#### EXERCISE PROMPT:
All of the data below is to be copied exactly.

---- DATA TO USE

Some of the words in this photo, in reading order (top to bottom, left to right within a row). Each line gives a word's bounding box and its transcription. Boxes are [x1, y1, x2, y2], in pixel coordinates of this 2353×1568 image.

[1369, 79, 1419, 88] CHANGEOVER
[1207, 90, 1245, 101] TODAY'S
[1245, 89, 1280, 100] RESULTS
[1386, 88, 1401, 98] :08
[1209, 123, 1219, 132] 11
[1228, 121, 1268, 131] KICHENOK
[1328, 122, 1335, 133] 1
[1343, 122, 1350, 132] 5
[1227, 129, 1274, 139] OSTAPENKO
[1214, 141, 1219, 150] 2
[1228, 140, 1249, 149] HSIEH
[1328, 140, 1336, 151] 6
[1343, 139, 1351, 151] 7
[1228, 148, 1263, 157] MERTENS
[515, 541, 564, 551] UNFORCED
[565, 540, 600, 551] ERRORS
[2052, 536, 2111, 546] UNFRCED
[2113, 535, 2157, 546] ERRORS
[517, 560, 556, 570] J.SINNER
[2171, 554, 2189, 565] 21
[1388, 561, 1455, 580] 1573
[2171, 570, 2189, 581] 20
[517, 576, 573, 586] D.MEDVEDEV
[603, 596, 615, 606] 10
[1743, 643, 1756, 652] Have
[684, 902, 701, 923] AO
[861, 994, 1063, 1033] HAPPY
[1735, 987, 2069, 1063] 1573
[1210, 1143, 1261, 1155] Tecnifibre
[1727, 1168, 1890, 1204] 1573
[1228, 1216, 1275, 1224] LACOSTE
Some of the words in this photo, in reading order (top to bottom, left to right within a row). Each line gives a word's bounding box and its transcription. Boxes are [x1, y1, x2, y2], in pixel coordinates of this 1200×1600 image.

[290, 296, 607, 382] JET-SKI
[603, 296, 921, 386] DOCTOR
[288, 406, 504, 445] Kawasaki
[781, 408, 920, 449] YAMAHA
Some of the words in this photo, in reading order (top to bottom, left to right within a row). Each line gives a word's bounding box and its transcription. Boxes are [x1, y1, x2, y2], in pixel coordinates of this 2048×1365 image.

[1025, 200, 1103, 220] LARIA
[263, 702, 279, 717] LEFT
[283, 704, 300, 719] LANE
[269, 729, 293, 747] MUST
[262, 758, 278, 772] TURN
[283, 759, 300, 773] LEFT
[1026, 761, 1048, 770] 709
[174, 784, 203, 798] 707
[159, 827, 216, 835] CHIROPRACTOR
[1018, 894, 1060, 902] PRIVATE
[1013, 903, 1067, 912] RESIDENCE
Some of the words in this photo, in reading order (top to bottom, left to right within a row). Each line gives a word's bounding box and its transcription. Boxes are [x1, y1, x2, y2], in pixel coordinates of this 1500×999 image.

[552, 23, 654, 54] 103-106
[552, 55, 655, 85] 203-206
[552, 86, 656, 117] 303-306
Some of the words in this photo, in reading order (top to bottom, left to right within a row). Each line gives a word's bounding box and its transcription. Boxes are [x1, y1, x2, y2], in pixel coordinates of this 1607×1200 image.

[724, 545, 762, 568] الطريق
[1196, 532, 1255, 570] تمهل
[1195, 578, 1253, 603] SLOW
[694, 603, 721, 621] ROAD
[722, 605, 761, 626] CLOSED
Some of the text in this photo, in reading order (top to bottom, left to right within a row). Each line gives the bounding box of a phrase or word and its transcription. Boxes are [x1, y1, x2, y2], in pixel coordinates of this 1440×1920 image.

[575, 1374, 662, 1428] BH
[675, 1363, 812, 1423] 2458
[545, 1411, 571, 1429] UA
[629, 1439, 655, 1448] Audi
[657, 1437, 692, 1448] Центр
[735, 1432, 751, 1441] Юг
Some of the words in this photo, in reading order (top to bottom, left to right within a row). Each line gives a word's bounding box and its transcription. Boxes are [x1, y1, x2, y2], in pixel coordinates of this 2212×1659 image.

--------

#### ANSWER BOX:
Some of the words in this photo, in reading order (top to bottom, left to right within a row). Each line gives a word's bounding box and its transcription. Boxes are [x1, y1, x2, y2], in pixel coordinates of this 2353×1568 image.

[1369, 79, 1419, 88] CHANGEOVER
[1207, 90, 1245, 101] TODAY'S
[1245, 89, 1280, 100] RESULTS
[1386, 88, 1401, 98] :08
[1209, 123, 1219, 132] 11
[1228, 121, 1268, 131] KICHENOK
[1328, 122, 1335, 133] 1
[1343, 122, 1350, 132] 5
[1227, 129, 1274, 139] OSTAPENKO
[1214, 141, 1219, 150] 2
[1228, 140, 1249, 149] HSIEH
[1328, 140, 1336, 151] 6
[1343, 139, 1351, 151] 7
[1228, 148, 1263, 157] MERTENS
[515, 541, 564, 551] UNFORCED
[565, 540, 600, 551] ERRORS
[2052, 536, 2111, 546] UNFRCED
[2113, 535, 2157, 546] ERRORS
[517, 560, 556, 570] J.SINNER
[2171, 554, 2189, 565] 21
[1388, 561, 1455, 580] 1573
[2171, 570, 2189, 581] 20
[517, 576, 573, 586] D.MEDVEDEV
[603, 596, 615, 606] 10
[1743, 643, 1756, 652] Have
[684, 902, 701, 923] AO
[861, 994, 1063, 1033] HAPPY
[1735, 987, 2069, 1063] 1573
[1210, 1143, 1261, 1155] Tecnifibre
[1727, 1168, 1890, 1204] 1573
[1228, 1216, 1275, 1224] LACOSTE
Some of the words in this photo, in reading order (top to bottom, left to right within a row). Each line gives a word's bounding box and its transcription. Boxes are [x1, y1, x2, y2], in pixel coordinates of this 1200×1600 image.

[290, 296, 607, 382] JET-SKI
[603, 296, 921, 386] DOCTOR
[288, 406, 504, 445] Kawasaki
[781, 408, 920, 449] YAMAHA
Some of the words in this photo, in reading order (top to bottom, left to right within a row). Each line gives a word's bounding box and its transcription. Boxes are [x1, y1, x2, y2], in pixel coordinates of this 2048×1365 image.

[1025, 200, 1103, 220] LARIA
[263, 702, 279, 717] LEFT
[283, 704, 300, 719] LANE
[269, 729, 293, 747] MUST
[262, 758, 278, 772] TURN
[283, 759, 300, 773] LEFT
[1026, 761, 1048, 770] 709
[174, 784, 203, 798] 707
[159, 827, 216, 835] CHIROPRACTOR
[1018, 894, 1060, 902] PRIVATE
[1013, 903, 1067, 912] RESIDENCE
Some of the words in this photo, in reading order (top to bottom, left to right within a row). Each line gives a word's bounding box and its transcription. Boxes are [x1, y1, x2, y2], in pixel coordinates of this 1500×999 image.

[552, 23, 654, 54] 103-106
[552, 55, 655, 85] 203-206
[552, 86, 656, 117] 303-306
Some of the words in this photo, in reading order (top to bottom, left to right within a row). Each line gives a word's bounding box and its transcription. Boxes are [x1, y1, x2, y2], in pixel coordinates of this 1607×1200 image.

[724, 545, 762, 568] الطريق
[1196, 532, 1255, 570] تمهل
[1195, 578, 1253, 603] SLOW
[694, 603, 721, 621] ROAD
[722, 605, 761, 626] CLOSED
Some of the text in this photo, in reading order (top to bottom, left to right within a row). Each line gives the bounding box of a phrase or word and its transcription. Boxes are [x1, y1, x2, y2], in pixel coordinates of this 1440×1920 image.

[575, 1374, 662, 1428] BH
[675, 1363, 812, 1423] 2458
[545, 1411, 571, 1429] UA
[629, 1439, 655, 1448] Audi
[657, 1437, 692, 1448] Центр
[735, 1432, 751, 1441] Юг
Some of the words in this photo, in reading order (top to bottom, left to right within a row). Each line gives a word's bounding box and its transcription. Boxes are [x1, y1, x2, y2], in pixel coordinates of this 2212×1659 image.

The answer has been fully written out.